In 1914, 25-year-old Sitwell moved to a small, shabby fourth-floor flat in Pembridge Mansions, Bayswater, which she shared with Helen Rootham (1875–1938), her governess since 1903.
Sitwell never married. However, it is claimed that in 1927 she fell in love with the homosexual Russian painter Pavel Tchelitchew. The relationship with Tchelitchew lasted until 1928, the same year that Rootham underwent operations for cancer (though she eventually became an invalid). In 1932, Rootham and Sitwell moved to Paris, where they lived with Rootham’s younger sister, Evelyn Wiel. Rootham died of spinal cancer in 1938.
Sitwell's mother died in 1937. Sitwell did not attend the funeral because of her displeasure with her parents during her childhood.
During the Second World War Sitwell returned from France and retired to Renishaw with her brother Osbert and his lover David Horner. She wrote under the light of oil lamps as the house had no electricity. She knitted clothes for their friends who served in the army. One of the beneficiaries was Alec Guinness, who received a pair of seaboot stockings.

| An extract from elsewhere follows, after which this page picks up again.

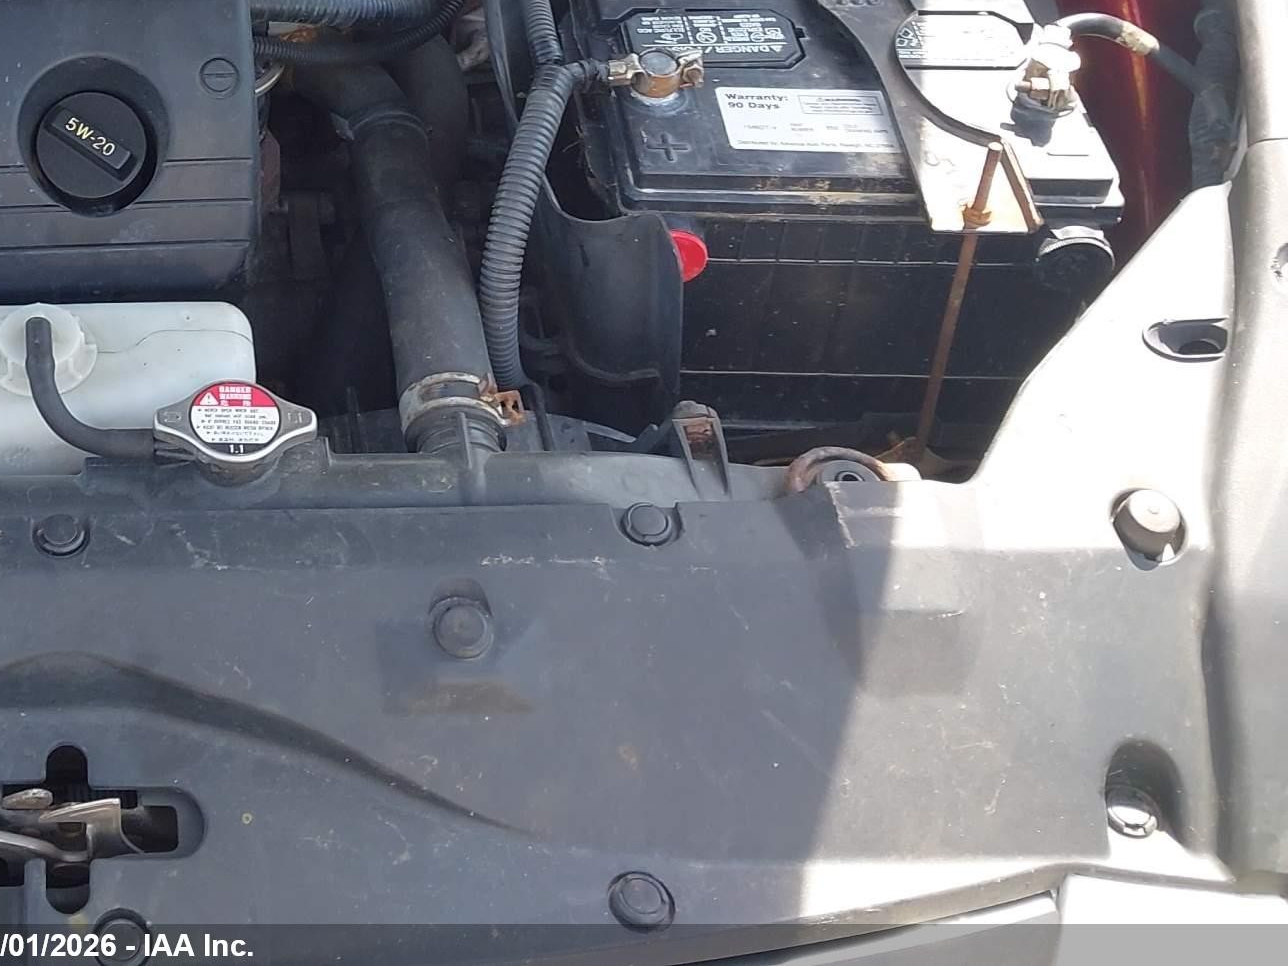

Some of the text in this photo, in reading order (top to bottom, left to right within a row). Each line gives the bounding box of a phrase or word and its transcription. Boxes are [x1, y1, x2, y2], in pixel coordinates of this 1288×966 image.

The poems she wrote during the war brought her back before the public. They include Street Songs (1942), The Song of the Cold (1945) and The Shadow of Cain (1947), all of which were much praised. "Still Falls the Rain", about the London blitz, remains perhaps her best-known poem; it was set to music by Benjamin Britten as Canticle III: Still Falls the Rain).
Her poem The Bee-Keeper was set to music by Priaulx Rainier, as The Bee Oracles (1970), a setting for tenor, flute, oboe, violin, cello and harpsichord. It was premiered by Peter Pears in 1970.
In 1943, her father died in Switzerland, his wealth depleted. In 1948, a reunion with Tchelitchew, whom she had not seen since before the war, went badly.
In 1948 Sitwell toured the United States with her brothers, reciting her poetry and, notoriously, giving a reading of Lady Macbeth's sleepwalking scene. Her poetry recitals were always occasions; she made recordings of her poems, including two recordings of Façade, the first with Constant Lambert as co-narrator, and the second with Peter Pears.
Tchelitchew died in July 1957. Her brother Osbert died in 1969, of Parkinson's disease, diagnosed in 1950. Sitwell became a Dame Commander (DBE) in 1954. In August 1955 she converted to Roman Catholicism and asked author Evelyn Waugh to serve as her godfather.
Sitwell wrote two books about Queen Elizabeth I of England: Fanfare for Elizabeth (1946) and The Queens and the Hive (1962). She always claimed that she wrote prose simply for money and both these books were extremely successful, as were her English Eccentrics (1933) and Victoria of England (1936).
Around 1957 she began using a wheelchair, after battling with Marfan syndrome throughout her life. Her last poetry reading was in 1962. She died of cerebral haemorrhage at St Thomas' Hospital on 9 December 1964 at the age of 77.
Sitwell's papers are held at the Harry Ransom Center at the University of Texas at Austin.